> WHAT YOU HAVE TO DO:
For this exercise, write out every entry exactly and leave the pictures out.
____
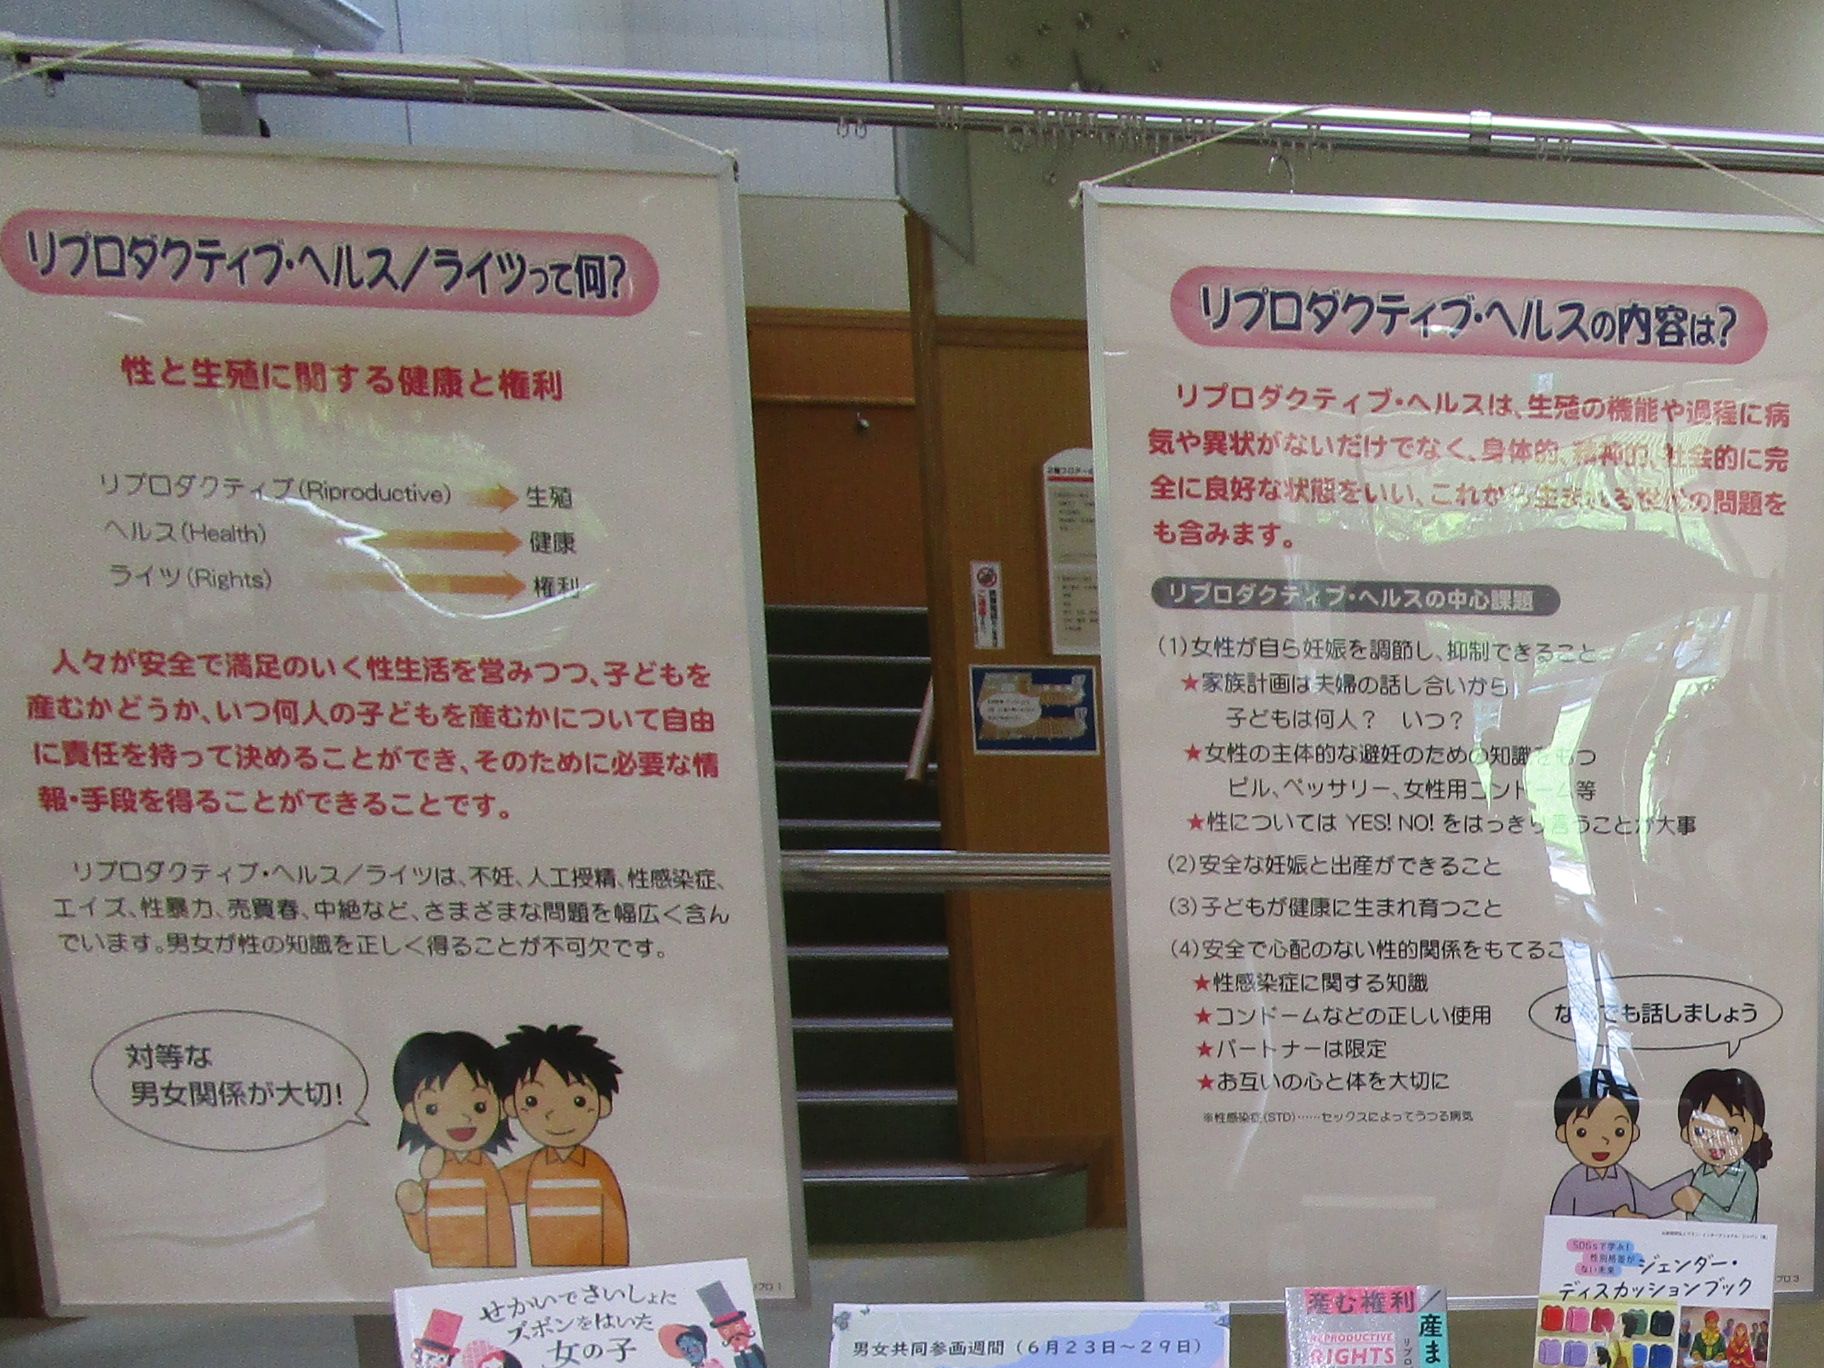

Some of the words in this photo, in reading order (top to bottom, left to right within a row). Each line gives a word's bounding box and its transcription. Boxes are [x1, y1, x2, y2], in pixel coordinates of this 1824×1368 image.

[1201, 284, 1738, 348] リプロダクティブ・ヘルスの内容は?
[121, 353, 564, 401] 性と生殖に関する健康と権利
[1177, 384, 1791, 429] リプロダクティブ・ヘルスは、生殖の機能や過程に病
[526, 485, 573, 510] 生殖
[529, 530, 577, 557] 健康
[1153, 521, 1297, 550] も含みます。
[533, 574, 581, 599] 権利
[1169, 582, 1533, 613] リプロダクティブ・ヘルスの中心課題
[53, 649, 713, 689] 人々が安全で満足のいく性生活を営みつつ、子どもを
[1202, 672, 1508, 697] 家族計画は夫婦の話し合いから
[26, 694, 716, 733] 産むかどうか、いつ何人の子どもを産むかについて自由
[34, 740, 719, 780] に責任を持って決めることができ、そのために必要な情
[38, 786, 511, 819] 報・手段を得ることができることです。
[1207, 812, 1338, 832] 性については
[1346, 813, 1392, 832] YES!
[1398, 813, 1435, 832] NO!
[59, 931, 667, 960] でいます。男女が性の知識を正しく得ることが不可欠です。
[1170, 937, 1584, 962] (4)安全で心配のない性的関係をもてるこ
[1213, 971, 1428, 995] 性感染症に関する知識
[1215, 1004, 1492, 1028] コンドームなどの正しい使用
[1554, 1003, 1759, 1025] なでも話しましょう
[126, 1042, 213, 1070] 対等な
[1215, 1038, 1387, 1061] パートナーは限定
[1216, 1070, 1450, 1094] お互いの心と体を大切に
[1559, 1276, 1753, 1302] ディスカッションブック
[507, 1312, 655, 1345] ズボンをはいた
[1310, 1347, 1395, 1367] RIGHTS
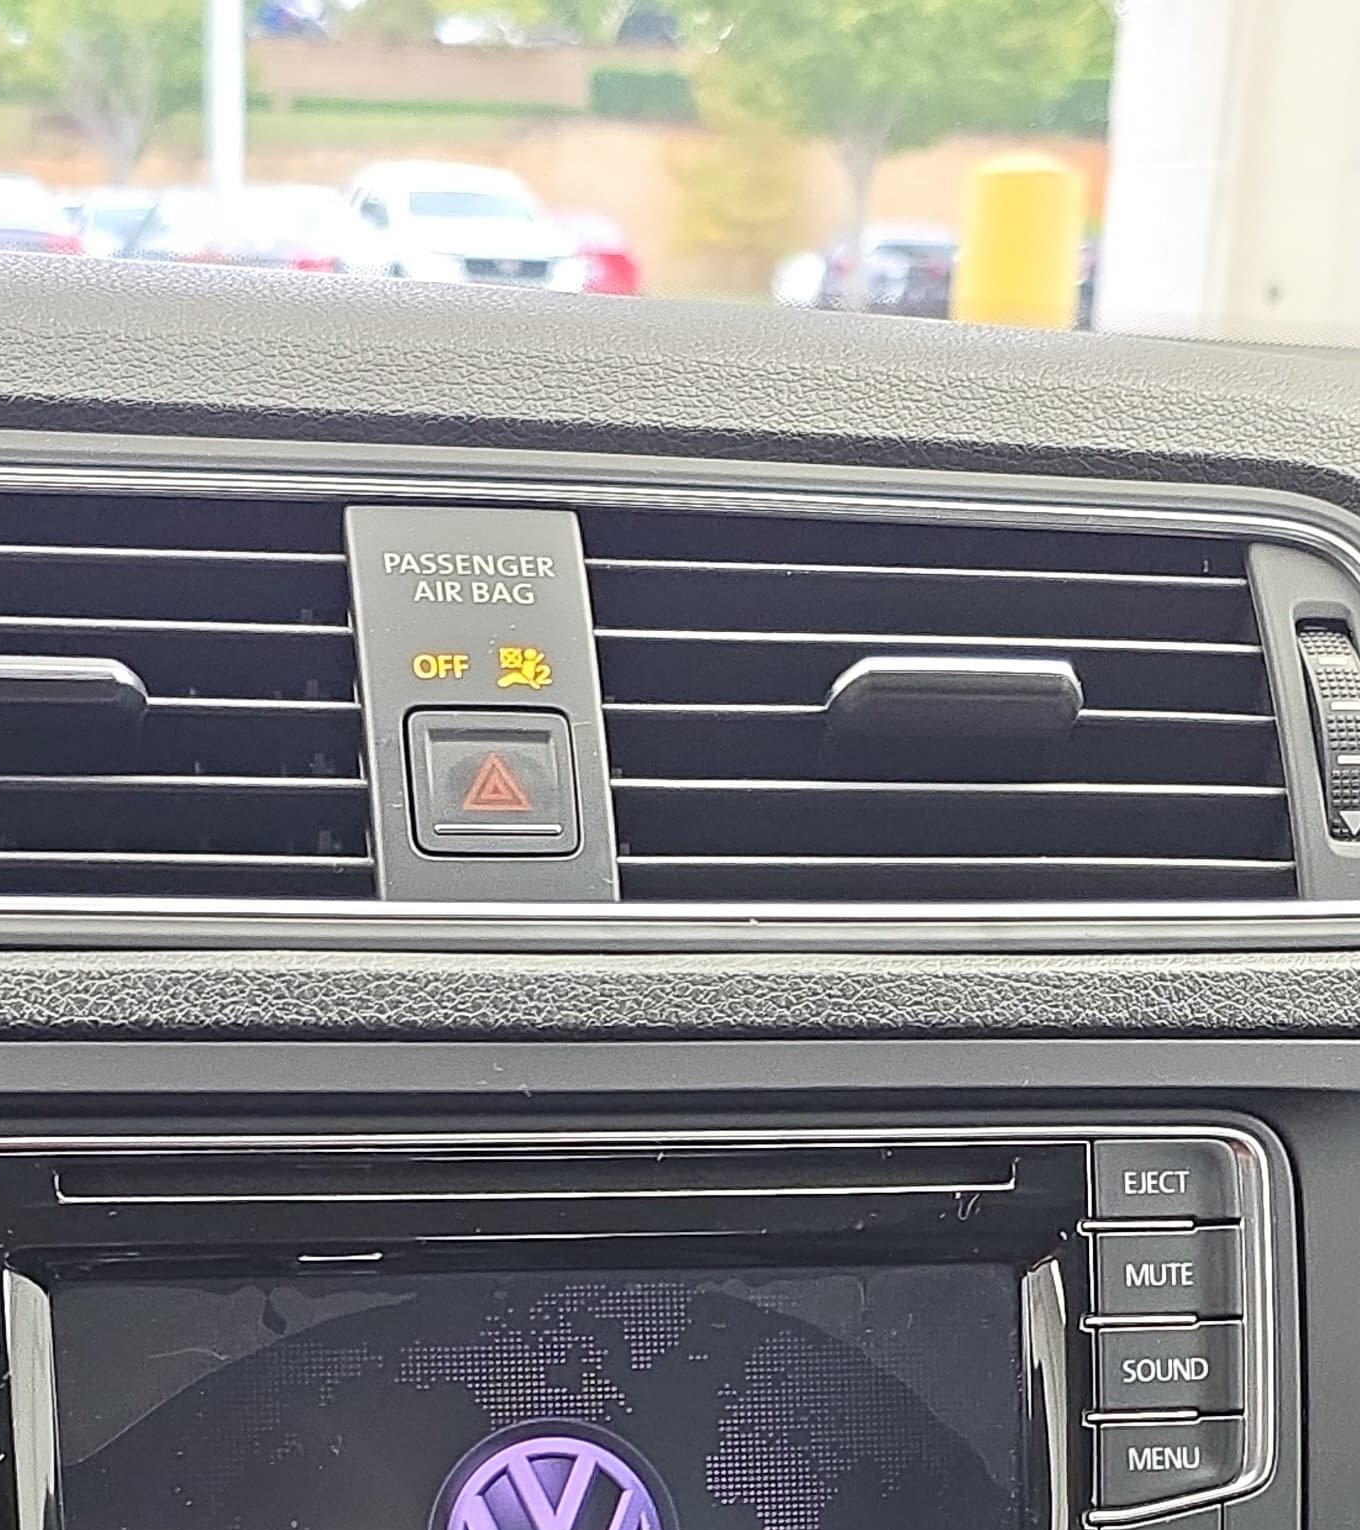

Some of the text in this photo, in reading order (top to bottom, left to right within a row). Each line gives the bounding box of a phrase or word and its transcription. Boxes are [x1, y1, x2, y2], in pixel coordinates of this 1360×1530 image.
____
> EXERCISE RESULT:
Some of the words in this photo, in reading order (top to bottom, left to right within a row). Each line gives a word's bounding box and its transcription. Boxes are [x1, y1, x2, y2], in pixel coordinates of this 1824×1368 image.

[1201, 284, 1738, 348] リプロダクティブ・ヘルスの内容は?
[121, 353, 564, 401] 性と生殖に関する健康と権利
[1177, 384, 1791, 429] リプロダクティブ・ヘルスは、生殖の機能や過程に病
[526, 485, 573, 510] 生殖
[529, 530, 577, 557] 健康
[1153, 521, 1297, 550] も含みます。
[533, 574, 581, 599] 権利
[1169, 582, 1533, 613] リプロダクティブ・ヘルスの中心課題
[53, 649, 713, 689] 人々が安全で満足のいく性生活を営みつつ、子どもを
[1202, 672, 1508, 697] 家族計画は夫婦の話し合いから
[26, 694, 716, 733] 産むかどうか、いつ何人の子どもを産むかについて自由
[34, 740, 719, 780] に責任を持って決めることができ、そのために必要な情
[38, 786, 511, 819] 報・手段を得ることができることです。
[1207, 812, 1338, 832] 性については
[1346, 813, 1392, 832] YES!
[1398, 813, 1435, 832] NO!
[59, 931, 667, 960] でいます。男女が性の知識を正しく得ることが不可欠です。
[1170, 937, 1584, 962] (4)安全で心配のない性的関係をもてるこ
[1213, 971, 1428, 995] 性感染症に関する知識
[1215, 1004, 1492, 1028] コンドームなどの正しい使用
[1554, 1003, 1759, 1025] なでも話しましょう
[126, 1042, 213, 1070] 対等な
[1215, 1038, 1387, 1061] パートナーは限定
[1216, 1070, 1450, 1094] お互いの心と体を大切に
[1559, 1276, 1753, 1302] ディスカッションブック
[507, 1312, 655, 1345] ズボンをはいた
[1310, 1347, 1395, 1367] RIGHTS

Some of the text in this photo, in reading order (top to bottom, left to right within a row). Each line gives the bounding box of a phrase or word and its transcription. Boxes are [x1, y1, x2, y2], in pixel coordinates of this 1360×1530 image.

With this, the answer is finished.